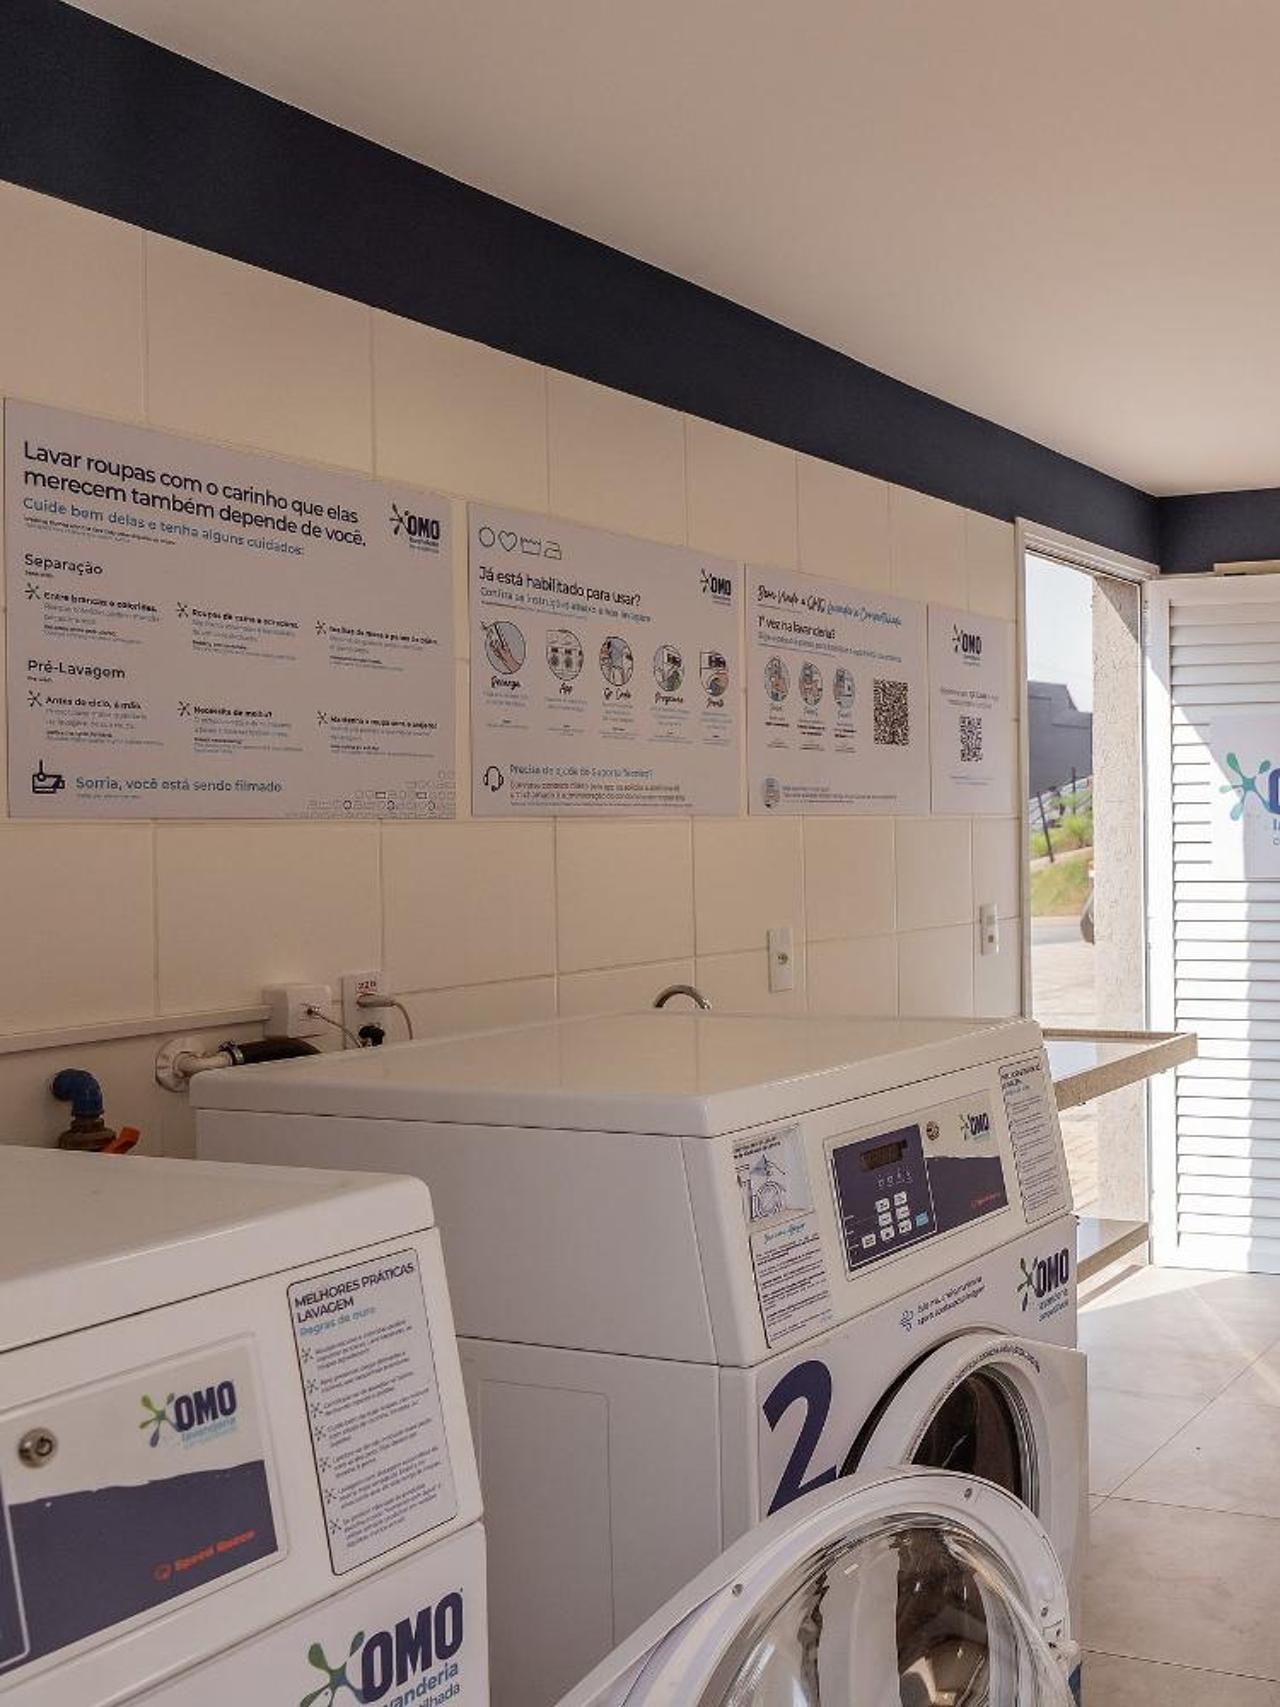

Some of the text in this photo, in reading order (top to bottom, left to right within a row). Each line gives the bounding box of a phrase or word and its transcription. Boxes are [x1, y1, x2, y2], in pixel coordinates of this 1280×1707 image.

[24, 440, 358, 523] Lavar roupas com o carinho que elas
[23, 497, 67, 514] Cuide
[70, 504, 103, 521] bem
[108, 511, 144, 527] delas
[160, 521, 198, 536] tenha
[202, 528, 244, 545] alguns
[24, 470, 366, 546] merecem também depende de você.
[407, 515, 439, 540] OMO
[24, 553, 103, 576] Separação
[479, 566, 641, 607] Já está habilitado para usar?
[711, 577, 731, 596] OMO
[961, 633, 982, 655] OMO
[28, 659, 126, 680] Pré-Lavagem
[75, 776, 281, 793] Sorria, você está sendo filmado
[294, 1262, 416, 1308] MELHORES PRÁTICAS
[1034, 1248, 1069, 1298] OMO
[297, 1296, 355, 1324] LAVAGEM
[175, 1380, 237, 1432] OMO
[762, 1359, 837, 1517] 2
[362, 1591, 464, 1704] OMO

How to complete this task
Print each entry shown above with exact wording and no pictures.

Solution to this exercise
Some of the text in this photo, in reading order (top to bottom, left to right within a row). Each line gives the bounding box of a phrase or word and its transcription. Boxes are [x1, y1, x2, y2], in pixel coordinates of this 1280×1707 image.

[24, 440, 358, 523] Lavar roupas com o carinho que elas
[23, 497, 67, 514] Cuide
[70, 504, 103, 521] bem
[108, 511, 144, 527] delas
[160, 521, 198, 536] tenha
[202, 528, 244, 545] alguns
[24, 470, 366, 546] merecem também depende de você.
[407, 515, 439, 540] OMO
[24, 553, 103, 576] Separação
[479, 566, 641, 607] Já está habilitado para usar?
[711, 577, 731, 596] OMO
[961, 633, 982, 655] OMO
[28, 659, 126, 680] Pré-Lavagem
[75, 776, 281, 793] Sorria, você está sendo filmado
[294, 1262, 416, 1308] MELHORES PRÁTICAS
[1034, 1248, 1069, 1298] OMO
[297, 1296, 355, 1324] LAVAGEM
[175, 1380, 237, 1432] OMO
[762, 1359, 837, 1517] 2
[362, 1591, 464, 1704] OMO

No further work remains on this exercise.